Scientology deserves all the bad PR By MIKE WILSON

St. Petersburg Times

August 16, 1997

Imagine that you run a resort hotel in a warm, sunny American city. People come to this destination seeking rest, relaxation and, especially, self-improvement. They pay a steep price and expect value for their money.

One day a healthy 36-year-old woman checks in. And a couple of weeks later she checks out.

For good.

How do you explain her death to prospective guests?

This is the problem facing the Church of Scientology, which has a spiritual retreat at the Fort Harrison Hotel in Clearwater. On Dec. 5, 1995, after spending 17 days at the hotel, longtime Scientologist Lisa McPherson was pronounced dead at a New Port Richey hospital. The cause, according to the medical examiner: a blood clot in her lung that was caused by bed rest and severe dehydration.

McPherson, in good physical health when she arrived at the Fort Harrison, was gaunt and covered with bruises when she was carried out, according to the medical examiner.

Her death has caused all kinds of legal problems for Scientology. McPherson's family has sued the church, saying it is responsible. And prosecutors and police are investigating whether anyone should be charged criminally.

For the church, the death of Lisa McPherson is much more than a legal problem. It's a PR problem. Scientologists may regard themselves as worshipers, but they are also customers. And as the church surely knows, it's bad for business when a customer turns up dead.

Scientology -- which suddenly and inexplicably received an IRS tax exemption a few years back -- makes money by charging members thousands of dollars for "auditing," a peculiar form of counseling that is supposed to rid people of "engrams," or lingering psychic injuries. Some church members eventually "go clear"; others just go broke.

"Make money. Make more money. Make others produce so as to make money," Scientology founder L. Ron Hubbard once wrote. "However you get them in or why, just do it."

McPherson -- a good customer who spent tens of thousands of dollars each year on Scientology services -- lived her last days under strange and sad circumstances. After a minor traffic accident, she apparently became mentally unstable and took off her clothes. She was taken to a hospital but left with fellow Scientologists who promised they would take care of her.

She didn't get any psychiatric help because Scientologists are opposed to psychiatry. The church says psychiatry harms people through electroshock therapy and psychotropic drugs. It is also a fact that Scientology competes directly with psychiatry for customers.

McPherson checked into the Fort Harrison "to rest and think and get her strength back," said Elliot Abelson, an attorney for the church.

She apparently didn't do any of those things. Two days into her stay, a Scientology staffer made this note: "She has difficulty even to swallow a bit of water."

McPherson began suffering psychotic episodes. (Or maybe she just wasn't "clear.") She soiled herself, broke a glass in the bathroom, punched and scratched people, and jumped off the bed and hit her head, according to staff notes. Her weight, which a paramedic estimated at 155 pounds before she checked in, slipped to 108 at her death.

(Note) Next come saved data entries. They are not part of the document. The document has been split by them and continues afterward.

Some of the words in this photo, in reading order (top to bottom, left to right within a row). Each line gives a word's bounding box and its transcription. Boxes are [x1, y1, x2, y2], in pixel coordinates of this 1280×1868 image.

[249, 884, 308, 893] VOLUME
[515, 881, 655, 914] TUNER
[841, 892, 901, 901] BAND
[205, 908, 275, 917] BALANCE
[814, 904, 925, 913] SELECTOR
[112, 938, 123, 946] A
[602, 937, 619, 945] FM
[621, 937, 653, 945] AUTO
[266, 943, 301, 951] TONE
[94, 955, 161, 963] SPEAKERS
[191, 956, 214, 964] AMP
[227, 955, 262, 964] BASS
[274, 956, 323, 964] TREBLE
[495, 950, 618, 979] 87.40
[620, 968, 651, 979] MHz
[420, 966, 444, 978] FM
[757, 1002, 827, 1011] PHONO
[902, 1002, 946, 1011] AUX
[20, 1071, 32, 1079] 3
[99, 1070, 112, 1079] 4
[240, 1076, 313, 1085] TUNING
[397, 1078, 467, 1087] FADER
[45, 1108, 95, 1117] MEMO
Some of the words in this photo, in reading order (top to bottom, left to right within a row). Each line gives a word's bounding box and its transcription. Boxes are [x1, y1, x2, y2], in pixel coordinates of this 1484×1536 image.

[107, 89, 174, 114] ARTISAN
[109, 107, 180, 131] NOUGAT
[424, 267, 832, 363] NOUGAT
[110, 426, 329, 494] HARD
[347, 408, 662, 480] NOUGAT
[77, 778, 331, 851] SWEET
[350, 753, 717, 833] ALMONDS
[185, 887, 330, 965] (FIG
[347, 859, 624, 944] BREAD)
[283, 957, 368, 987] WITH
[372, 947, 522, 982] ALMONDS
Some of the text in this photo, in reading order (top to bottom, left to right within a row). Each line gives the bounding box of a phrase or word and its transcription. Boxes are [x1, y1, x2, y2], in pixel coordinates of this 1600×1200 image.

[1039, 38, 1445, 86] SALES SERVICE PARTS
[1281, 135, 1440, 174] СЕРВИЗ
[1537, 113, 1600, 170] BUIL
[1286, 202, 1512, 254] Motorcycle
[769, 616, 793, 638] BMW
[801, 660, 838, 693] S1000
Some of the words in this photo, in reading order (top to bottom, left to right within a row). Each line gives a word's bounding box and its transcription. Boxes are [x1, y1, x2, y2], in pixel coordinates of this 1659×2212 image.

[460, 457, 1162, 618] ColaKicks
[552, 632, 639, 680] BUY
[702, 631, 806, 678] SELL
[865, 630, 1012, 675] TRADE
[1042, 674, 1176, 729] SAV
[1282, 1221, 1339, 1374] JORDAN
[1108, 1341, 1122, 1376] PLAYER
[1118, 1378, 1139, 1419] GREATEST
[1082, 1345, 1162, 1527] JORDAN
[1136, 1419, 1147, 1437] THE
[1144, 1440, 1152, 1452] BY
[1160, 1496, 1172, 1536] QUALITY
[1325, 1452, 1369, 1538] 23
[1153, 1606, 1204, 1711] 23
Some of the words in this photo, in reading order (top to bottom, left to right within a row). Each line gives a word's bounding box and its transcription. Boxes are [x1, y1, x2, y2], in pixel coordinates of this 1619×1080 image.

The Scientologists who looked after the desperately ill woman included staff librarians, a file clerk, a secretary and a director of personnel. Finally, on Day 17, the staffers decided to take her to a hospital. But by then she was so sick that even the finest librarians and file clerks couldn't have saved her.

McPherson's helpers -- actually, her pallbearers -- drove past closer hospitals to take her to one where a Scientologist was on staff.

"On the way to the hospital, Lisa's breathing became labored and then got fainter and fainter just before they arrived," according to staff member Paul Greenwood.

Lisa McPherson was DOA.

Yes, it's quite a hotel, the Fort Harrison. Librarians are on call and other staffers are always eager to serve you (as they served McPherson) by jamming herbs and mashed bananas into your mouth and pinching your nostrils shut until you swallow.

And should the Scientologists figure out that you need medical help, they will carry your limp body to a van and take you to a doctor who knows a corpse when he sees one.

There's no word on whether this sickening story has affected bookings from other customers at the Fort Harrison, but this much is clear: The Church of Scientology won't be getting any more money from Lisa McPherson.